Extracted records
*** Begin section ***
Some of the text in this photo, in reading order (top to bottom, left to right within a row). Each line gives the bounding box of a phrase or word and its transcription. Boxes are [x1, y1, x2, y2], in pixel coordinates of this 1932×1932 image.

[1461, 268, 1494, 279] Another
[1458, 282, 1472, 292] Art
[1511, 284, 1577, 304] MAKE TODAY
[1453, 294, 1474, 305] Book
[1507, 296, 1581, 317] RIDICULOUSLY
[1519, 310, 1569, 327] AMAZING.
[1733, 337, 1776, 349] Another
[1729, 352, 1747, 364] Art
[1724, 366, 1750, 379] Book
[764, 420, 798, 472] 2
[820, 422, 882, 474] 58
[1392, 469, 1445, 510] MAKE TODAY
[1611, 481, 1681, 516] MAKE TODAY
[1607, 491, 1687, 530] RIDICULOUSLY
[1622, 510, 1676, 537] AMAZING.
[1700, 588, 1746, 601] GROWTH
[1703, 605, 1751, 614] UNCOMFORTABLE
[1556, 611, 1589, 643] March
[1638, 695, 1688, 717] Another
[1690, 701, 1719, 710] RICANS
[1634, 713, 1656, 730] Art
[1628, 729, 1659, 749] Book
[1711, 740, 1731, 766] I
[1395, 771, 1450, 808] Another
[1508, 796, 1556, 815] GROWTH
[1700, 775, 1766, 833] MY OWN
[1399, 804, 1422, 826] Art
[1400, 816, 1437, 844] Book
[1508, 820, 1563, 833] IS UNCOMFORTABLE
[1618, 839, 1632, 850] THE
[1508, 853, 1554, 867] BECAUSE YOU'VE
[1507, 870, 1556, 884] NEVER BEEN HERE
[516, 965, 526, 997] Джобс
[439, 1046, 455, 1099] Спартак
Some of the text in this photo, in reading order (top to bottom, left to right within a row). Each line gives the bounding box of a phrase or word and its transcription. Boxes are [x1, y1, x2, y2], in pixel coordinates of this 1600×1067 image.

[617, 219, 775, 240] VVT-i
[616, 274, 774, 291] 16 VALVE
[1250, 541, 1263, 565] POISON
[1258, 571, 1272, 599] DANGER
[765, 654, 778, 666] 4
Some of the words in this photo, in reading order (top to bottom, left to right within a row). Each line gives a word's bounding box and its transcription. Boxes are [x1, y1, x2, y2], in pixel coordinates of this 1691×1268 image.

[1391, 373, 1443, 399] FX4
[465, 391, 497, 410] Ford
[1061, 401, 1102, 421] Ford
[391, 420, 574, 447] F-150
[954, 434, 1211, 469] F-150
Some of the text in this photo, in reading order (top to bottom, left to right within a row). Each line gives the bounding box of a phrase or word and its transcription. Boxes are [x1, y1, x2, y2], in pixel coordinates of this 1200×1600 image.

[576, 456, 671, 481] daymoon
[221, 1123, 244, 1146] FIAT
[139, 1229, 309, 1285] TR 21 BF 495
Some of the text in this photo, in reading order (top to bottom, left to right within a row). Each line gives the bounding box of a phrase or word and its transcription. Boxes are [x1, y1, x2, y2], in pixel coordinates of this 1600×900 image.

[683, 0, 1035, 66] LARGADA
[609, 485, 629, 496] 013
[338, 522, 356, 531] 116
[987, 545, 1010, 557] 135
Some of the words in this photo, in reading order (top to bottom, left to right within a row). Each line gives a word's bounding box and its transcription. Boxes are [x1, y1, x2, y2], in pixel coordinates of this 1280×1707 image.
*** End section ***
= WHAT YOU ARE ASKED TO DO =
Transcribe each of the records above exactly.

= TASK SOLUTION =
Some of the text in this photo, in reading order (top to bottom, left to right within a row). Each line gives the bounding box of a phrase or word and its transcription. Boxes are [x1, y1, x2, y2], in pixel coordinates of this 1932×1932 image.

[1461, 268, 1494, 279] Another
[1458, 282, 1472, 292] Art
[1511, 284, 1577, 304] MAKE TODAY
[1453, 294, 1474, 305] Book
[1507, 296, 1581, 317] RIDICULOUSLY
[1519, 310, 1569, 327] AMAZING.
[1733, 337, 1776, 349] Another
[1729, 352, 1747, 364] Art
[1724, 366, 1750, 379] Book
[764, 420, 798, 472] 2
[820, 422, 882, 474] 58
[1392, 469, 1445, 510] MAKE TODAY
[1611, 481, 1681, 516] MAKE TODAY
[1607, 491, 1687, 530] RIDICULOUSLY
[1622, 510, 1676, 537] AMAZING.
[1700, 588, 1746, 601] GROWTH
[1703, 605, 1751, 614] UNCOMFORTABLE
[1556, 611, 1589, 643] March
[1638, 695, 1688, 717] Another
[1690, 701, 1719, 710] RICANS
[1634, 713, 1656, 730] Art
[1628, 729, 1659, 749] Book
[1711, 740, 1731, 766] I
[1395, 771, 1450, 808] Another
[1508, 796, 1556, 815] GROWTH
[1700, 775, 1766, 833] MY OWN
[1399, 804, 1422, 826] Art
[1400, 816, 1437, 844] Book
[1508, 820, 1563, 833] IS UNCOMFORTABLE
[1618, 839, 1632, 850] THE
[1508, 853, 1554, 867] BECAUSE YOU'VE
[1507, 870, 1556, 884] NEVER BEEN HERE
[516, 965, 526, 997] Джобс
[439, 1046, 455, 1099] Спартак
Some of the text in this photo, in reading order (top to bottom, left to right within a row). Each line gives the bounding box of a phrase or word and its transcription. Boxes are [x1, y1, x2, y2], in pixel coordinates of this 1600×1067 image.

[617, 219, 775, 240] VVT-i
[616, 274, 774, 291] 16 VALVE
[1250, 541, 1263, 565] POISON
[1258, 571, 1272, 599] DANGER
[765, 654, 778, 666] 4
Some of the words in this photo, in reading order (top to bottom, left to right within a row). Each line gives a word's bounding box and its transcription. Boxes are [x1, y1, x2, y2], in pixel coordinates of this 1691×1268 image.

[1391, 373, 1443, 399] FX4
[465, 391, 497, 410] Ford
[1061, 401, 1102, 421] Ford
[391, 420, 574, 447] F-150
[954, 434, 1211, 469] F-150
Some of the text in this photo, in reading order (top to bottom, left to right within a row). Each line gives the bounding box of a phrase or word and its transcription. Boxes are [x1, y1, x2, y2], in pixel coordinates of this 1200×1600 image.

[576, 456, 671, 481] daymoon
[221, 1123, 244, 1146] FIAT
[139, 1229, 309, 1285] TR 21 BF 495
Some of the text in this photo, in reading order (top to bottom, left to right within a row). Each line gives the bounding box of a phrase or word and its transcription. Boxes are [x1, y1, x2, y2], in pixel coordinates of this 1600×900 image.

[683, 0, 1035, 66] LARGADA
[609, 485, 629, 496] 013
[338, 522, 356, 531] 116
[987, 545, 1010, 557] 135
Some of the words in this photo, in reading order (top to bottom, left to right within a row). Each line gives a word's bounding box and its transcription. Boxes are [x1, y1, x2, y2], in pixel coordinates of this 1280×1707 image.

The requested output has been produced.